-------- Data for the task
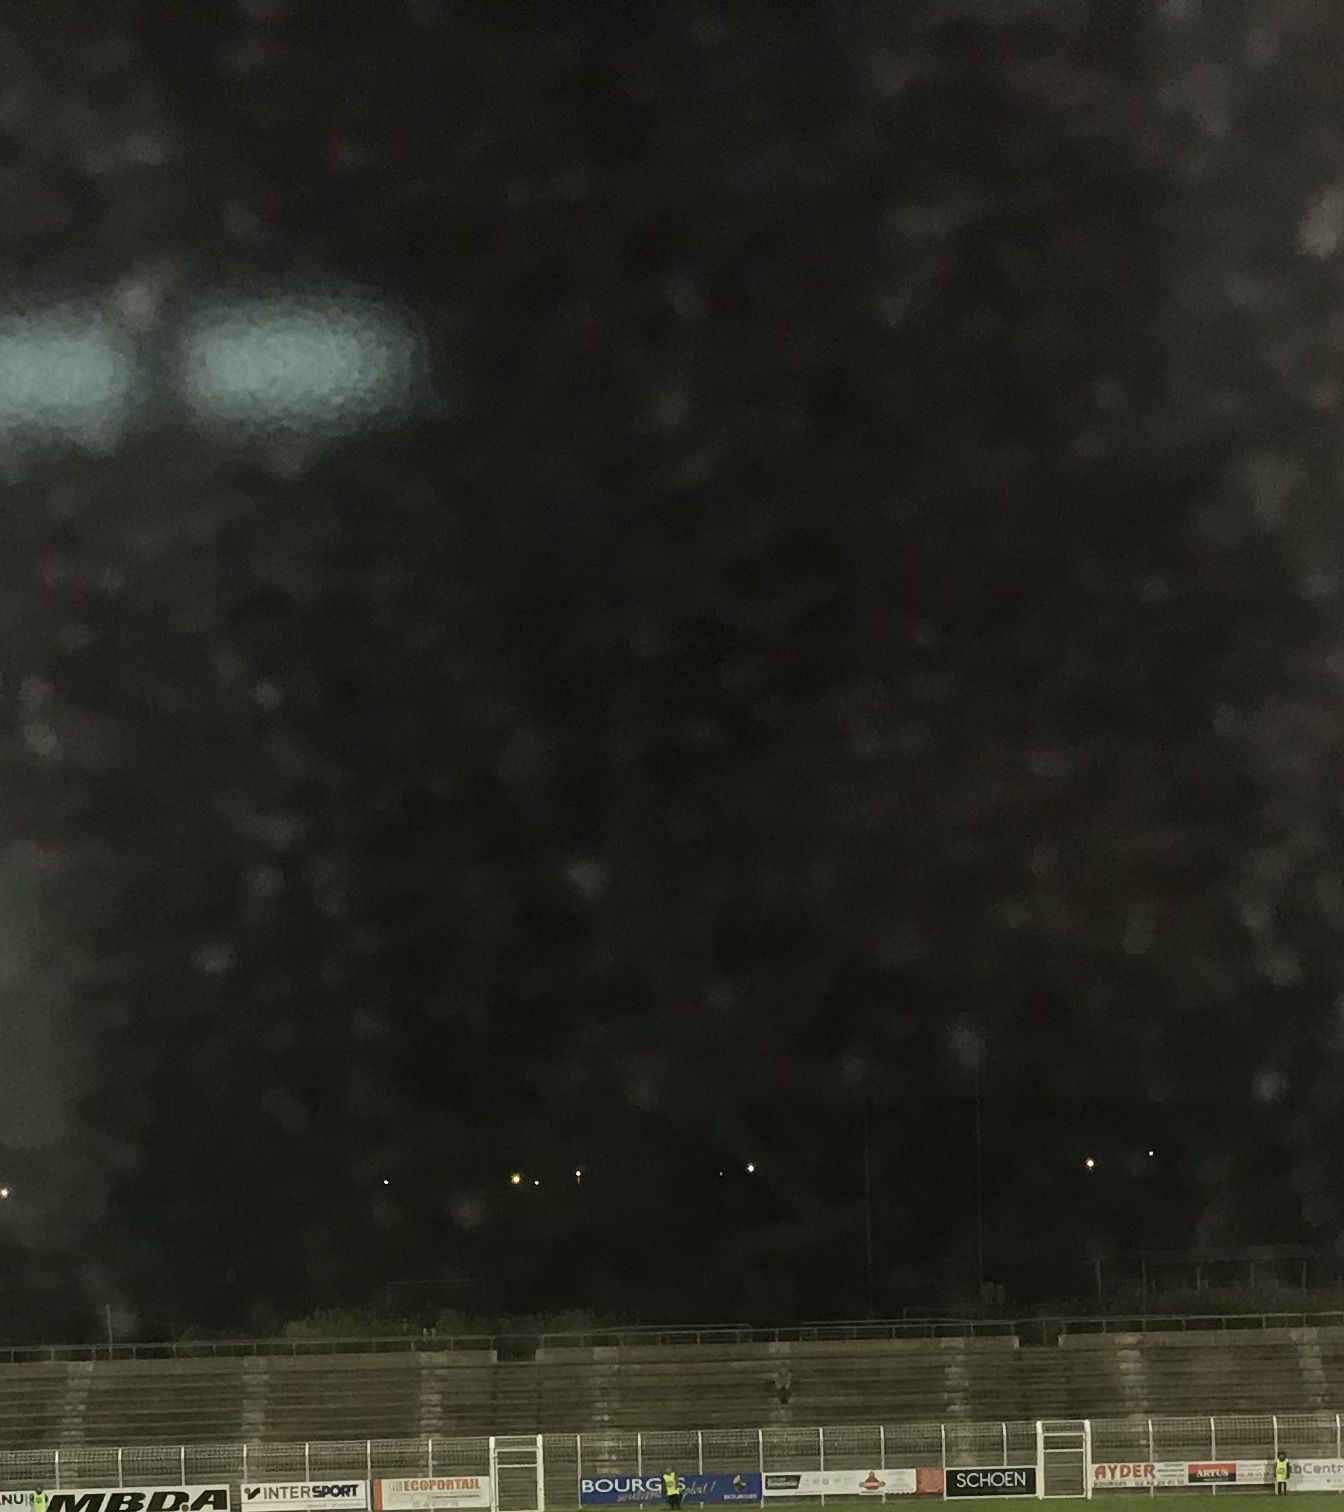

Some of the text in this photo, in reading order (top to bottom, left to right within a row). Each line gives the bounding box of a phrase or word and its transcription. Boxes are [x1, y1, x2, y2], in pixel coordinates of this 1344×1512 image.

[955, 1471, 1027, 1488] SCHOEN
[1093, 1463, 1156, 1480] AYDER
[263, 1483, 359, 1500] INTERSPORT
[581, 1477, 687, 1494] BOURGS
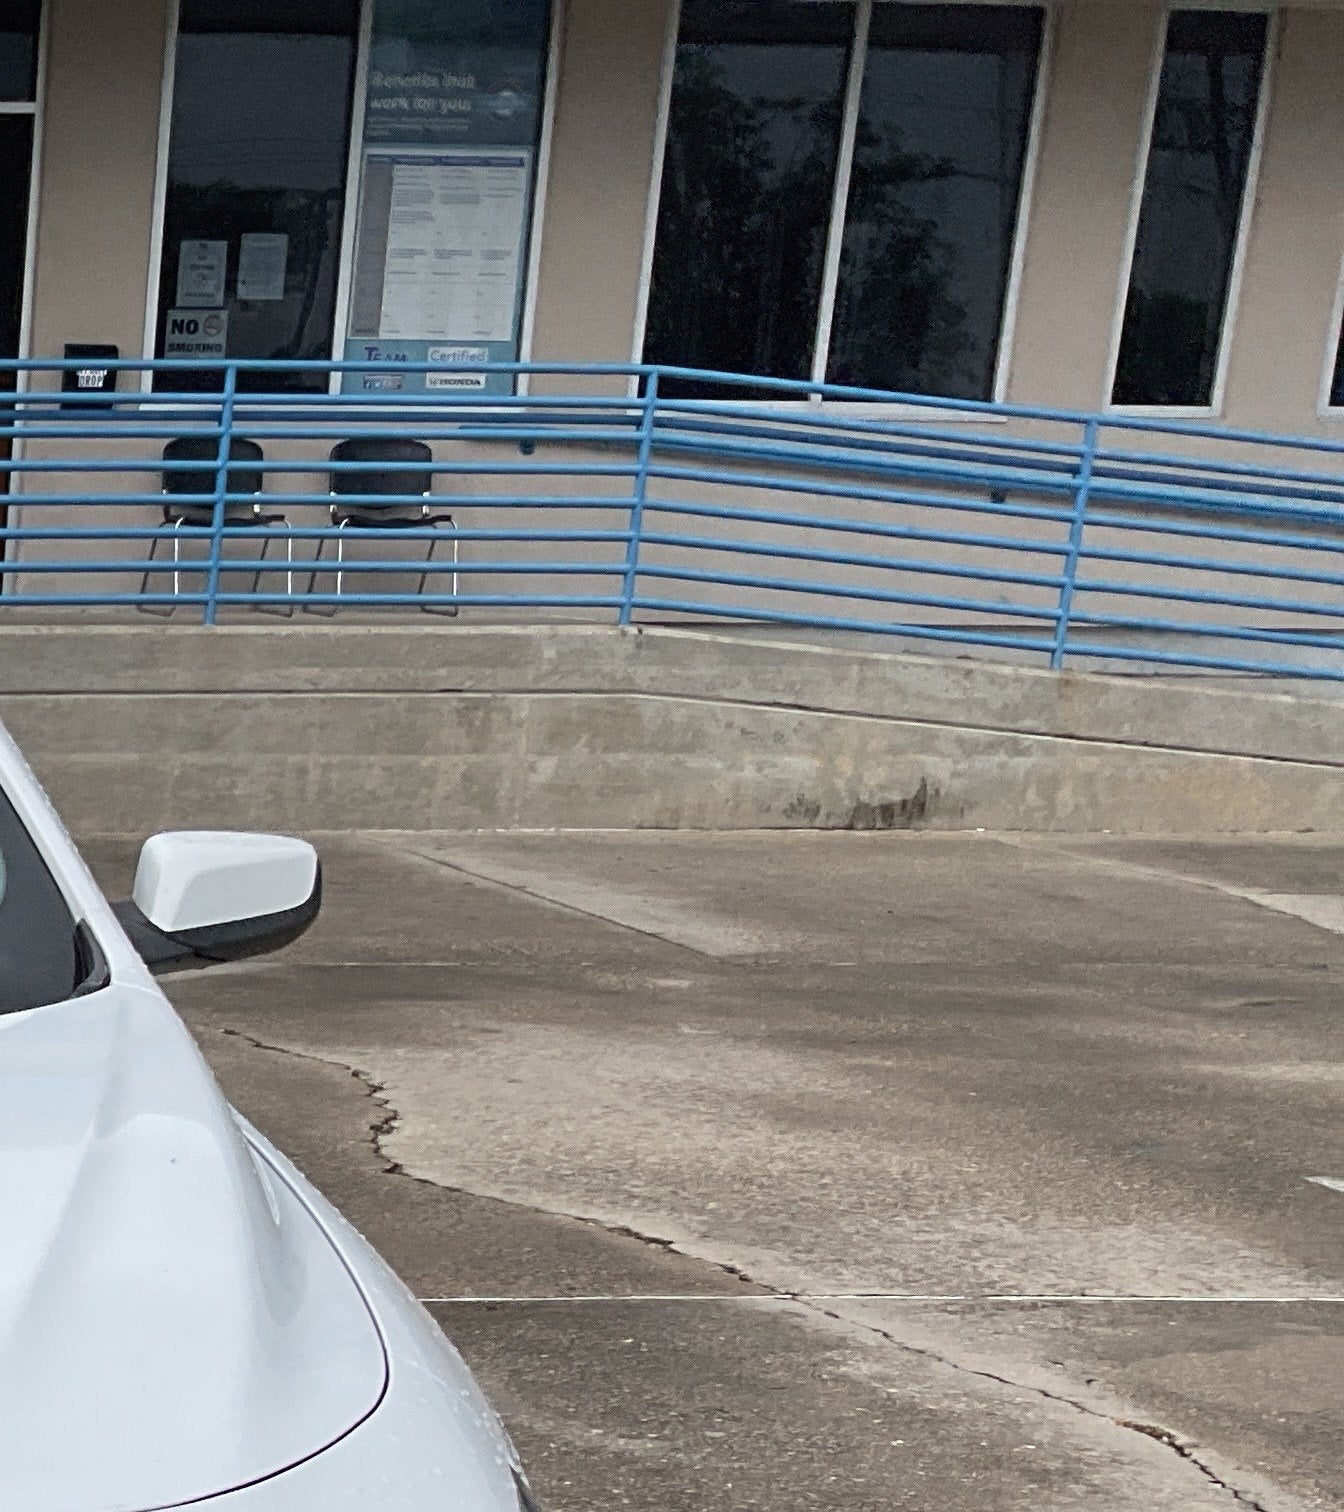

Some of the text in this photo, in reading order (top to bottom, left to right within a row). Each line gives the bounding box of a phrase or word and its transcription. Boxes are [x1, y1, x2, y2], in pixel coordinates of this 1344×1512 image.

[171, 318, 200, 336] NO
[167, 343, 223, 353] SMOKING
[429, 348, 486, 362] Certified
[79, 375, 103, 387] DROP
[439, 378, 481, 386] HONDA
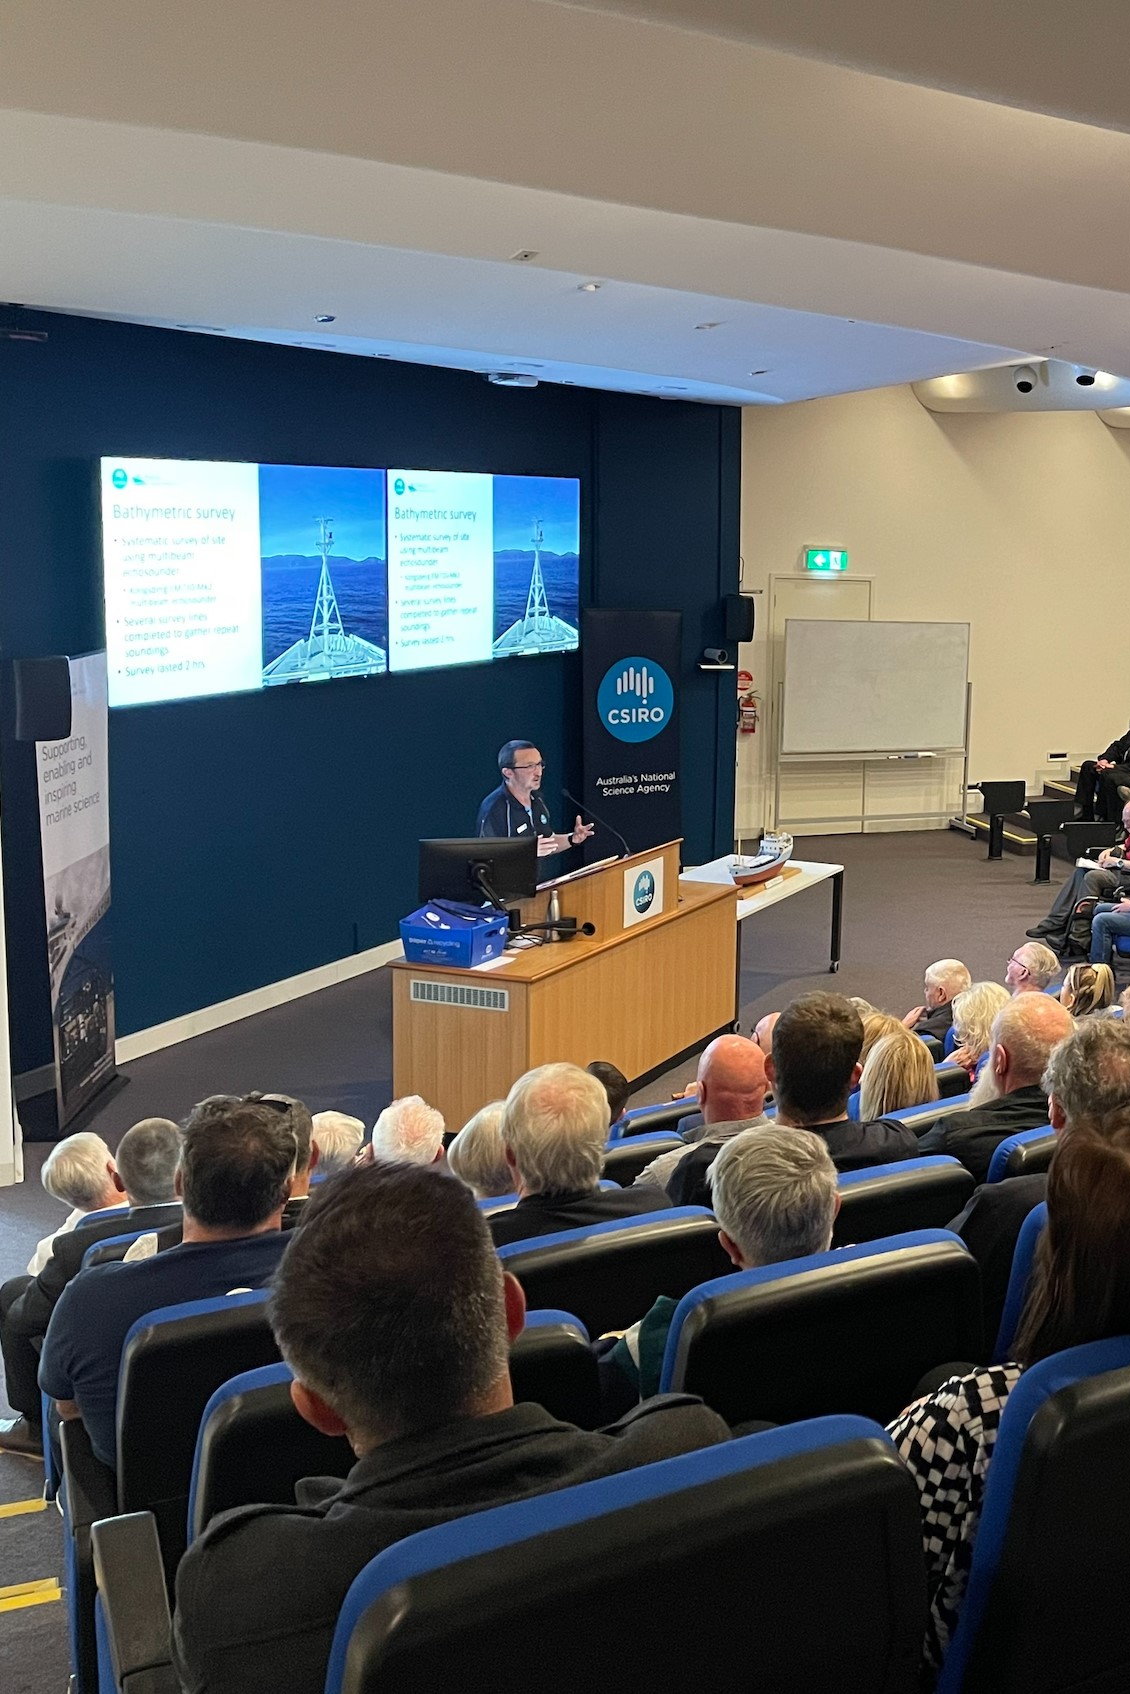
----------------
Exercise brief> Please write out all the data word for word, but keep every picture out.

Exercise output>
Some of the text in this photo, in reading order (top to bottom, left to right within a row). Each line gives the bounding box of a phrase or word and its transcription. Boxes are [x1, y1, x2, y2], in pixel coordinates of this 1344×1512 image.

[955, 1471, 1027, 1488] SCHOEN
[1093, 1463, 1156, 1480] AYDER
[263, 1483, 359, 1500] INTERSPORT
[581, 1477, 687, 1494] BOURGS

Some of the text in this photo, in reading order (top to bottom, left to right within a row). Each line gives the bounding box of a phrase or word and its transcription. Boxes are [x1, y1, x2, y2], in pixel coordinates of this 1344×1512 image.

[171, 318, 200, 336] NO
[167, 343, 223, 353] SMOKING
[429, 348, 486, 362] Certified
[79, 375, 103, 387] DROP
[439, 378, 481, 386] HONDA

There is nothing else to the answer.